The Sinister Pig is the sixteenth crime fiction novel in the Joe Leaphorn / Jim Chee Navajo Tribal Police series by Tony Hillerman, first published in 2003. It was a New York Times best-seller.

A mystery involving diverted oil and gas revenues, abandoned pipelines, Washington D.C. insiders, and illegal drugs involves Navajo Tribal Police Sergeant Jim Chee and Bernadette Manuelito, now a federal Border Patrol officer. Each turns to retired Lt. Joe Leaphorn, now called legendary by his colleagues as well as by Chee, for assistance. Along the way, elegant and dramatic romances reach happy conclusions.

Plot summary

Not long after Carl Manken leaves Washington D.C. to investigate an issue in the news, his murdered corpse is found on the edge of the Checkerboard part of the Navajo Reservation, near the Apache Jicarilla Reservation. Soon, his vehicle is found on the Jicarilla Reservation. Each use of Manken's credit card is monitored by the issuer, a high-level intervention that sends Sgt. Chee and FBI Agent Osborne to retrieve the card from the workmen using it after finding it in trash they picked up. In Washington D.C., the newsworthy issue is the large amount of royalties never paid to the tribes who own the land providing natural resources, including oil, natural gas and coal; the tribes are suing the Department of Interior.

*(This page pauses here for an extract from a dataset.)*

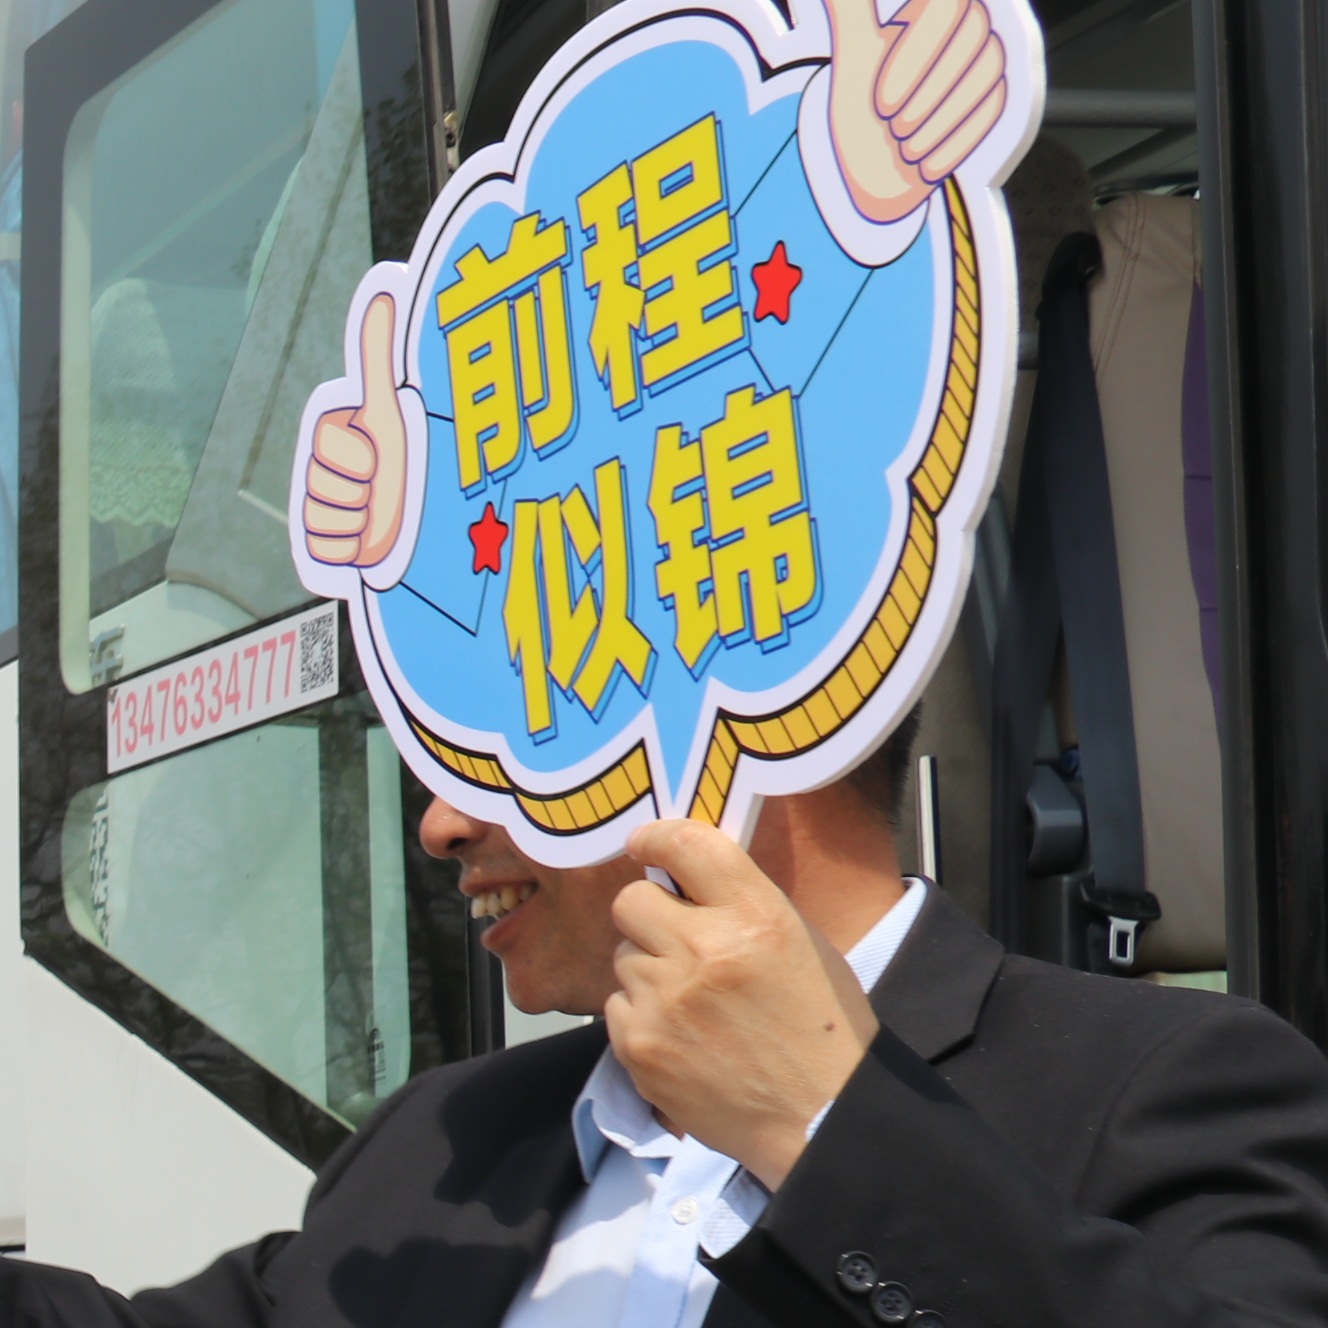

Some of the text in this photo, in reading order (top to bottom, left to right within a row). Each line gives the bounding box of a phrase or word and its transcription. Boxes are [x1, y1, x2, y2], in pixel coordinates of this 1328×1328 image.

Bernadette Manuelito is on routine surveillance in her new position as a US Customs Patrol Officer, when she finds the Tuttle ranch in the boot heel of New Mexico, where a truck with Mexican license plates enters. She investigates, taking photos of the exotic wildlife and the construction project underway, described as a pump for water for the oryxes and ibexes. She shares the prints of her photos with Sgt. Chee, who in turn shares them with Lt. Leaphorn. One of the trucks in her photos is from Seamless Weld of El Paso, Texas, the same company that the dead man reported as his employer on the rental car form. Her boss, Ed Henry, takes the negatives and other set of prints, while taking a photo of her and telling her to leave the ranch alone. On her first successful solo netting, taking in a group of illegal aliens, the brother-in-law in the group recognizes Manuelito from photos circulating among the drug dealers in Sonora, with word to kill her. Her roommate Mrs. Garza calls Leaphorn with this information, because Manuelito will not call Chee. Leaphorn finds that the pathway of the unused pipeline from the now disused Mexican copper mine passes right through the Tuttle ranch, shown on an old map when the smelter was active. He figures the work recently done at each place is to get the pipeline working again, either to divert natural gas or oil southbound, or to bring in drugs, northbound. The Tuttle ranch is a lease on BLM lands, giving Dashee authority to be there; he and Sgt. Chee head for the ranch directly.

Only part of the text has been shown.